» Task goal
Only the text should be kept: print every entry below exactly and leave each image out.

» Provided data
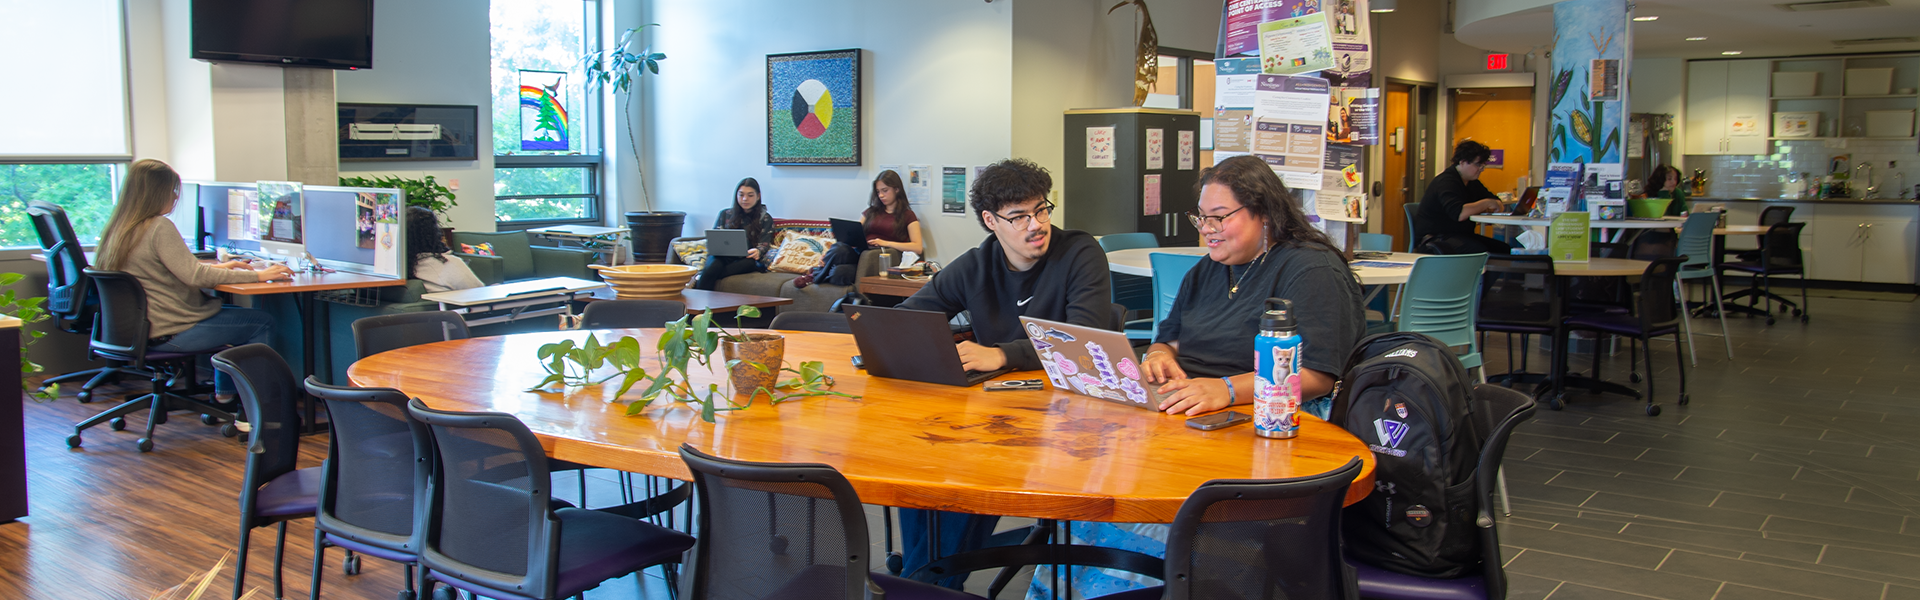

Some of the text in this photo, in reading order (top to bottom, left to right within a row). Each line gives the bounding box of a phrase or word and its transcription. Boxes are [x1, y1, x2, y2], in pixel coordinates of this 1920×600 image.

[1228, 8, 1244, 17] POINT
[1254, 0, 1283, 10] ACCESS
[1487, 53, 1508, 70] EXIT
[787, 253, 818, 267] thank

» Solved problem
Some of the text in this photo, in reading order (top to bottom, left to right within a row). Each line gives the bounding box of a phrase or word and its transcription. Boxes are [x1, y1, x2, y2], in pixel coordinates of this 1920×600 image.

[1228, 8, 1244, 17] POINT
[1254, 0, 1283, 10] ACCESS
[1487, 53, 1508, 70] EXIT
[787, 253, 818, 267] thank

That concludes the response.